The murals, by artist Wayne Fettro, are installed on the rail-trail underpass of MacKenzie Hollow Road in Pennsylvania.

The picture above is just one of dozens of photos that make up a 3D viewing experience at PhotoSynth.net.

The four panels grace both sides of the east and west entrances of the underpass at the 2,392-foot elevation summit for the trail in Somerset County. According to the Daily American Online:

“Travelers headed toward Pittsburgh are now greeted with images of trains, coal and coke workers on one mural and George Washington, who envisioned a connection from the Potomac to the Ohio as a young surveyor, and his travels on the other.

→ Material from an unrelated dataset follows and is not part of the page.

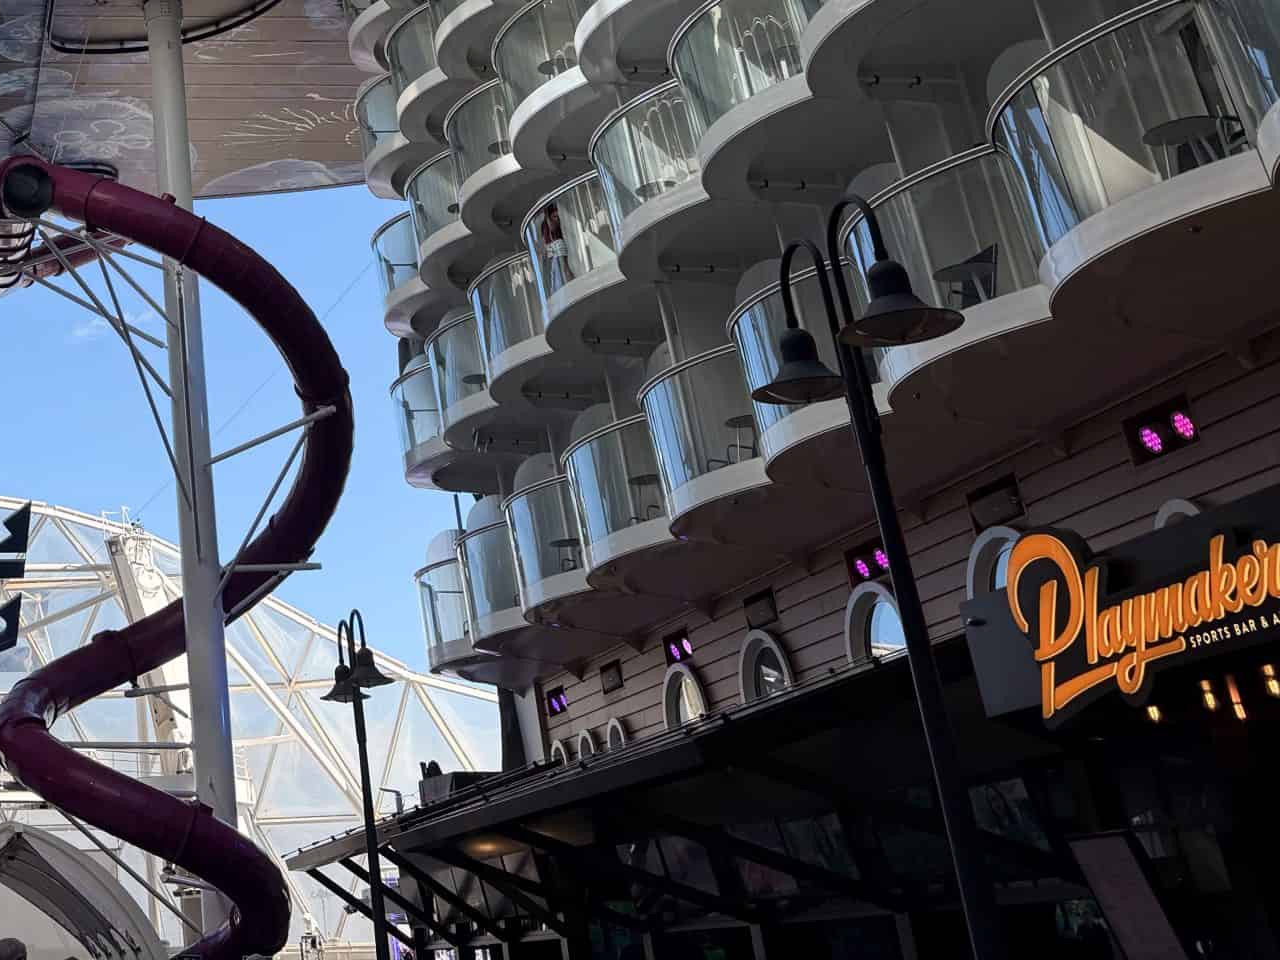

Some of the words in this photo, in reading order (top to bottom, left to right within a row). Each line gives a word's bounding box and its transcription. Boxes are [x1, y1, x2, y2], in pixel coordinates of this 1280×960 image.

[1189, 626, 1232, 648] SPORTS
[1233, 618, 1258, 637] BAR
[1260, 615, 1270, 629] &

Coming from the opposite direction toward Washington, D.C., the scene is the C&O Canal along with the view from the Big Savage Mountain Tunnel on one side and insets of the volunteers who helped make the trail possible on the other.”


Fettro is known for his murals along the Lincoln Highway and other locations in the East. This project was funded by a grant from the Southwestern Pennsylvania Heritage Preservation Commission.

The site of the murals is the highest point on GAP at 2,392 feet of elevation. Water falling on the east side flows to the Chesapeake Bay; on the west it flows into the Gulf of Mexico. Because this is a rail-trail, the grade is very gradual.

The GAP stretches for 150 miles from Cumberland, Maryland, to McKeesport, Pennsylvania, near Pittsburg. It meets with the C&O Canal towpath in Cumberland, creating at 330-some mile no-traffic route from Pittsburgh to Washington DC.